Erickson was also concerned about the speeds of the roundabout. Drivers are traveling between 40-50 mph on SR 305 before and after the bridge, and the roundabout would slow speeds down to 10-15 mph. Erickson doesn’t believe the roundabout is geographically big enough to accommodate the traffic, she said.
Erickson believes the intersection needs a way to allow SR 305 traffic to continue through the intersection unimpeded, perhaps with an overpass, she said.
DOT is continuing to take input and there are other alternatives to be looked at, Rolfes said.
Another option would be to expand and improve the right turn lane off the bridge onto Suquamish Way, Nedrow said. All options are also subject to right-of-way discussions.
“There’s an opportunity right now with the [Clearwater] Casino expansion to do something collaborative,” Rolfes said. “[DOT is] looking for guidance from local government leaders, this is not something DOT is trying to ram down our throats in any way.”
Rich Purser, general manger of Clearwater Casino, said he’s been active in the discussions of this roundabout.
Another option being discussed between Port Madison Enterprises, the business arm of the Suquamish Tribe, and Kitsap County is moving the park and ride, currently east of the casino, which would allow more space for a turn lane.
During the casino’s expansion later this year, PME will build a parking garage on the northeast corner of the property, next to the bridge.
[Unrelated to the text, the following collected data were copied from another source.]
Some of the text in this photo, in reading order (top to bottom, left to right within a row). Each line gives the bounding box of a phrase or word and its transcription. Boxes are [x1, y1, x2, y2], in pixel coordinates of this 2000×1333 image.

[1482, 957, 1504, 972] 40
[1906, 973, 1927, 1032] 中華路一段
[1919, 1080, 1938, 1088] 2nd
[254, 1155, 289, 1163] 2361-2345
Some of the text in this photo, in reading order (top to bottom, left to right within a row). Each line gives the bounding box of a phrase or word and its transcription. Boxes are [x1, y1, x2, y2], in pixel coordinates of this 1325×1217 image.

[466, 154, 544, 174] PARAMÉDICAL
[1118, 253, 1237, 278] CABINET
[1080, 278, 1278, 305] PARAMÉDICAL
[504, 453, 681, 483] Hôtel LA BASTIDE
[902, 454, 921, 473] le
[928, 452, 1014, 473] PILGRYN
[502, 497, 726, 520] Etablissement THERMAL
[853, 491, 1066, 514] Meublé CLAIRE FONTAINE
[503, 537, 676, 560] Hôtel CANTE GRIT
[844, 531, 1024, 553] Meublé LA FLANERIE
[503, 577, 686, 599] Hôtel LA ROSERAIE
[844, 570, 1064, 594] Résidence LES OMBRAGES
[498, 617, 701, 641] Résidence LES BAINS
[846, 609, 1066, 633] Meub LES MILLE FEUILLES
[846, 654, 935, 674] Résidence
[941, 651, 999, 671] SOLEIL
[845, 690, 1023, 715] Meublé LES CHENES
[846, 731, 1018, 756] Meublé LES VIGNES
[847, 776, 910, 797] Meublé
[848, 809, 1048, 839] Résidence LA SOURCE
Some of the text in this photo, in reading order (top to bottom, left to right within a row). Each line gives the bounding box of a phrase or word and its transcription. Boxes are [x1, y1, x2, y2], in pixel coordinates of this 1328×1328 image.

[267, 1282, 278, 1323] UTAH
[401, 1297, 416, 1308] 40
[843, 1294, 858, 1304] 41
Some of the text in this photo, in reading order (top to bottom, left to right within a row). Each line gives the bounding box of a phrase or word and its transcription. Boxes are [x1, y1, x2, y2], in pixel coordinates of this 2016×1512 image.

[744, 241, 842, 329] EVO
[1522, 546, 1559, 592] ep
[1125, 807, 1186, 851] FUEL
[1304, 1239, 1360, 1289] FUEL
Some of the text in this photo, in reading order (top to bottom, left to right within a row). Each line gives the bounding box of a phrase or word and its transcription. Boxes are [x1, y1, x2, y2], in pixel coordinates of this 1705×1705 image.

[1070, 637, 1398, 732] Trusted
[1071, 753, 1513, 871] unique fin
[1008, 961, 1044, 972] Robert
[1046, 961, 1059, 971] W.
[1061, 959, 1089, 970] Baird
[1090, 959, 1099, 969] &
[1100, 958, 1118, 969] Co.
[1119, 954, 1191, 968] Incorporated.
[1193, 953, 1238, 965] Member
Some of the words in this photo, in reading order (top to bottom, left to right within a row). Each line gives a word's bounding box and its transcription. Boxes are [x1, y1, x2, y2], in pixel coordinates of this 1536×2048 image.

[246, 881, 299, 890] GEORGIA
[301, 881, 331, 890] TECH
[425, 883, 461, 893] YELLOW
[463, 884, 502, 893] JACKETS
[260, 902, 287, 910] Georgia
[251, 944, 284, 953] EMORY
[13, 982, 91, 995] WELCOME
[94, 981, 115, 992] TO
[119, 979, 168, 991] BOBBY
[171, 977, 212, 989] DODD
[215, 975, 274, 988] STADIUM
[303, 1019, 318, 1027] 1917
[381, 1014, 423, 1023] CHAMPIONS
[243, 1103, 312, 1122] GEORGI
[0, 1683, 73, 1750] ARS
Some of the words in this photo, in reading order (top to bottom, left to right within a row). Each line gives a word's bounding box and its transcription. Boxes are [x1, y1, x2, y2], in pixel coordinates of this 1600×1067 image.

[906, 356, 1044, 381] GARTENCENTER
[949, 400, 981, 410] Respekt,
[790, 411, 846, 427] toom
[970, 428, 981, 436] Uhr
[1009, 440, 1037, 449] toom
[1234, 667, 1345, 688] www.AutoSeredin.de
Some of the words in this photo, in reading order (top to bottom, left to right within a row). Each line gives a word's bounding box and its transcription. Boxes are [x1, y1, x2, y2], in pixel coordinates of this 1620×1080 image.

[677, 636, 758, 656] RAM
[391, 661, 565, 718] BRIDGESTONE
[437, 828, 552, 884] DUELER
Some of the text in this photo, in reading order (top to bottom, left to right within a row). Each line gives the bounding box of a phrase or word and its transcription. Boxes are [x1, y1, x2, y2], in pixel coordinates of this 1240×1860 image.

Another idea under discussion is to include a right turn lane from the casino’s planned parking garage directly onto SR 305, toward the bridge, to avoid the Suquamish Way intersection and “alleviate” some congestion, Purser said.
There is no construction or funding timeline yet, Rolfes said. The funding for the study continues through 2015.
DOT will hold more meetings in the coming months to narrow down options for improving traffic flow and safety at the intersection.
Government agencies and the public will be included in future discussion, Nedrow said.